Optimized Peptide Nanomaterials as Delivery Vehicles for Hydrophobic Metal-Based Anticancer Agents
Date of Degree
Analytical Chemistry | Inorganic Chemistry
Peptide self-assembly, metal-based compounds, cancer, encapsulation, N-Heterocyclic carbene, MMP-9
Enzyme-responsive materials have been well explored, particularly as therapeutic and diagnostic agents. In this thesis we demonstrate that anionic self-assembling peptides can be utilized as delivery vehicles for metal-based hydrophobic payloads. The tunability of the system is highlighted as well as the increase in cytotoxicity and selectivity in vitro.
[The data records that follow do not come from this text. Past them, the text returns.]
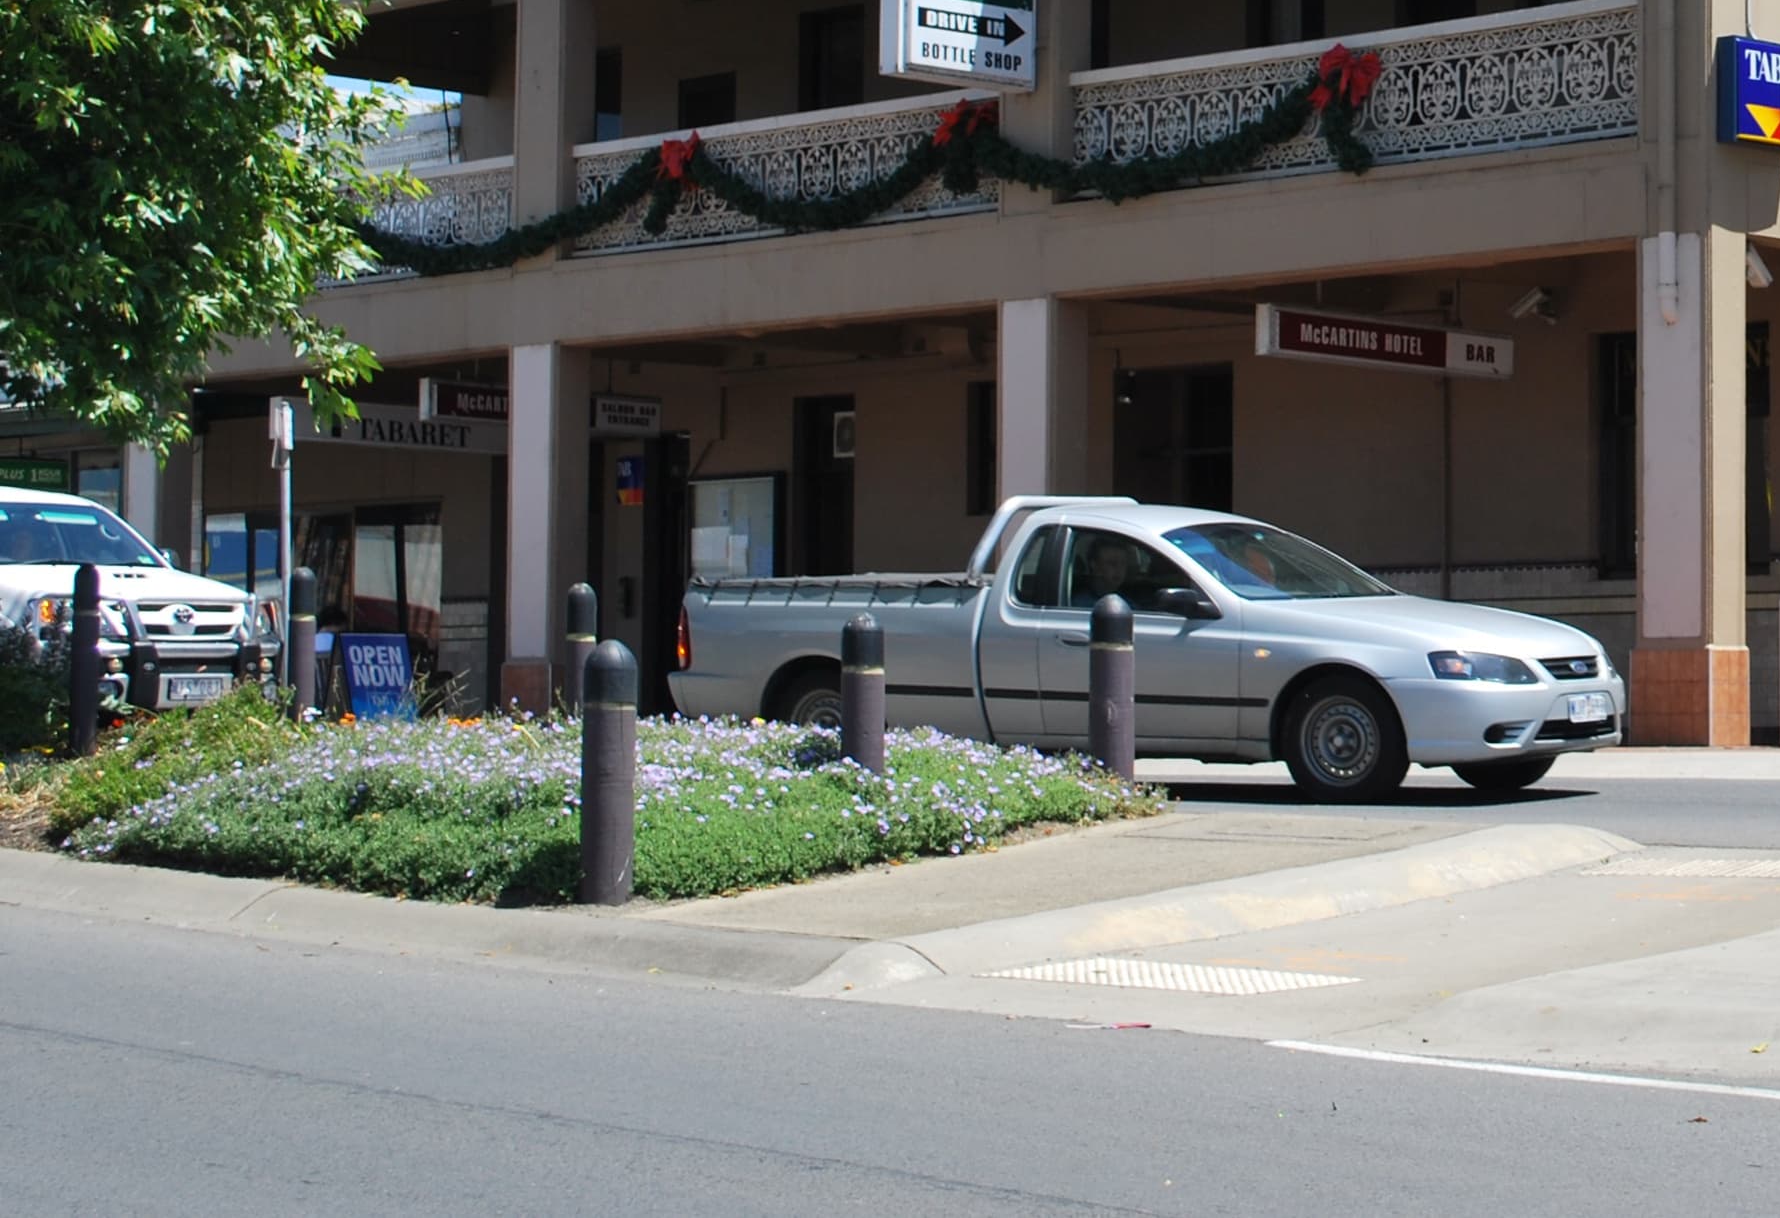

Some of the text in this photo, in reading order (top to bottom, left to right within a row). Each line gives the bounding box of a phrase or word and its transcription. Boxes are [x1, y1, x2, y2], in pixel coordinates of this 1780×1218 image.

[926, 10, 1005, 36] DRIVE IN
[922, 41, 1022, 71] BOTTLE SHOP
[1299, 322, 1424, 356] McCARTINS HOTEL
[1465, 343, 1496, 364] BAR
[360, 417, 472, 448] TABARET
[348, 645, 403, 665] OPEN
[352, 664, 405, 687] NOW
The rapid degradation of peptides in cell media may lead to the formation of new peptide-drug bioconjugates with increased activity and selectivity. The physiological stability of these peptide delivery vehicles has been optimized by capping the N-terminus with an acetyl group. This simple backbone modification was shown to not prevent self-assembly, the ability to load hydrophobic payloads, or modify the anticancer activity in vitro. This modification decreases peptide recognition by non-specific proteases, while retaining specificity towards an enzyme of interest (MMP-9). This highlights its potential as a stable enzyme-responsive delivery system.
Marciano, Yaron, "Optimized Peptide Nanomaterials as Delivery Vehicles for Hydrophobic Metal-Based Anticancer Agents" (2023). CUNY Academic Works.